Do Muslims Believe in Creation?
by John D. Morris, Ph.D.
In general, Muslims accept both the Old Testament and the Gospels, but feel that in the translation of the Bible over the centuries many errors crept in. Thus a new revelation from God to Mohammed, in about 600 A.D. was required to set the record straight. Doctrines such as the deity of Christ and salvation by His atoning death on the cross were rejected. The views on creation and the flood are substantially the same, although interpretations of the Koranic teachings are as widely varied, even among committed Muslims, as they are among evangelical Christians.

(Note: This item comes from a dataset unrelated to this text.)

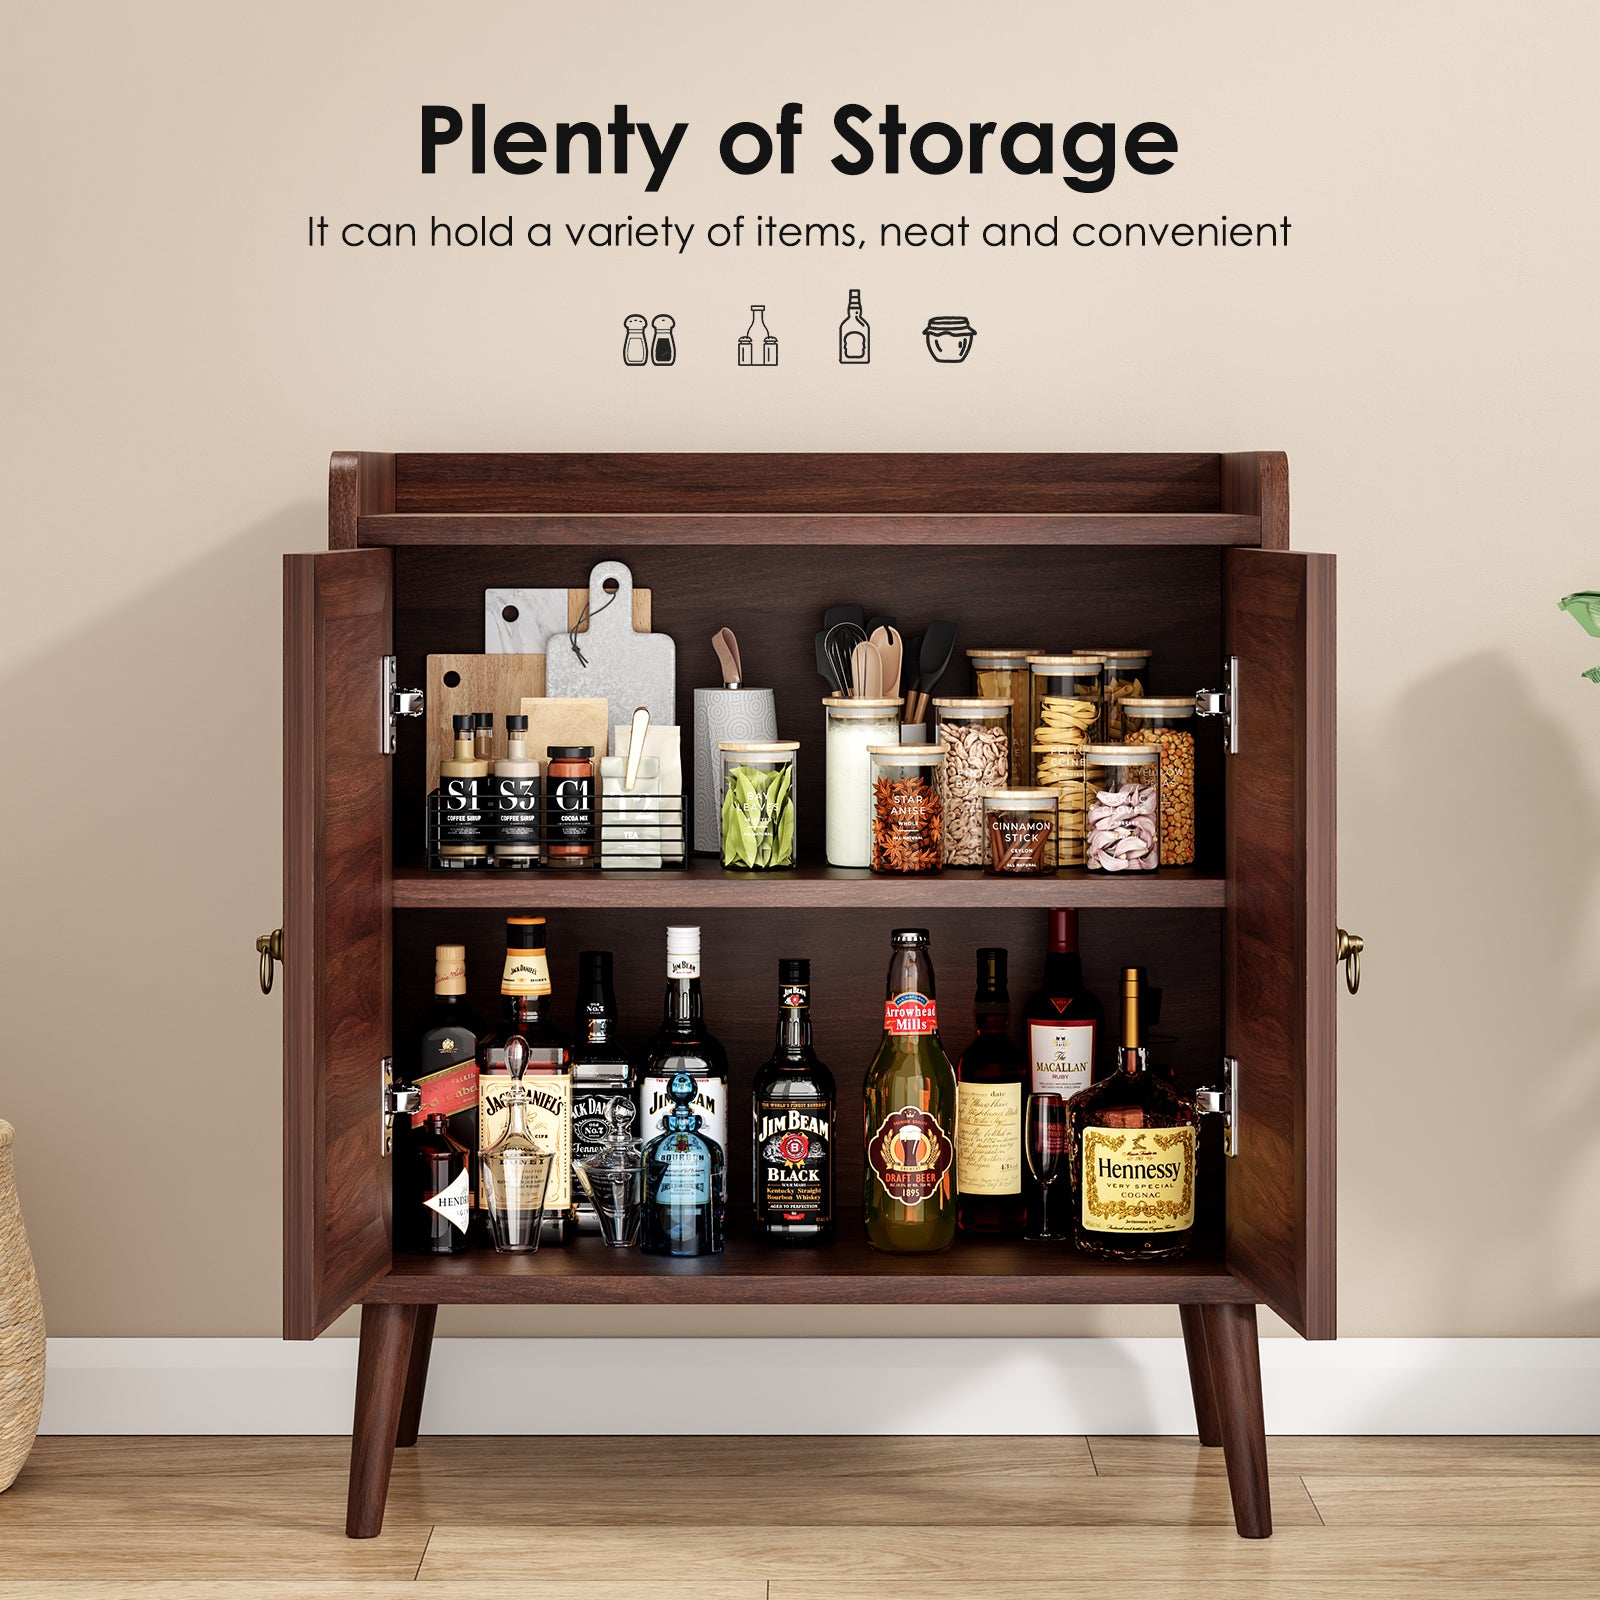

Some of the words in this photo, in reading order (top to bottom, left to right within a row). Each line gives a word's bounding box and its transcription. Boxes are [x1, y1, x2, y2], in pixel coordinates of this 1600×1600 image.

The Koran, if one interprets it literally, teaches a six-day creation. Adam and Eve were created in innocent perfection and placed in a beautiful garden. Here Satan tempted them to rebel against God by eating the forbidden fruit, thus incurring God's wrath and judgment, and expulsion from the Garden.
The wicked pre-flood civilization is described at length. Eventually, Noah is told to build the Ark; and from its passengers the entire world has been repopulated. The description of the flood closely resembles the Biblical description, with vast rainfall, eruptions, and earthquakes. As to the age of the earth, again a straightforward reading implies a creation of all things a few thousand years ago—no room for billions of years of evolution.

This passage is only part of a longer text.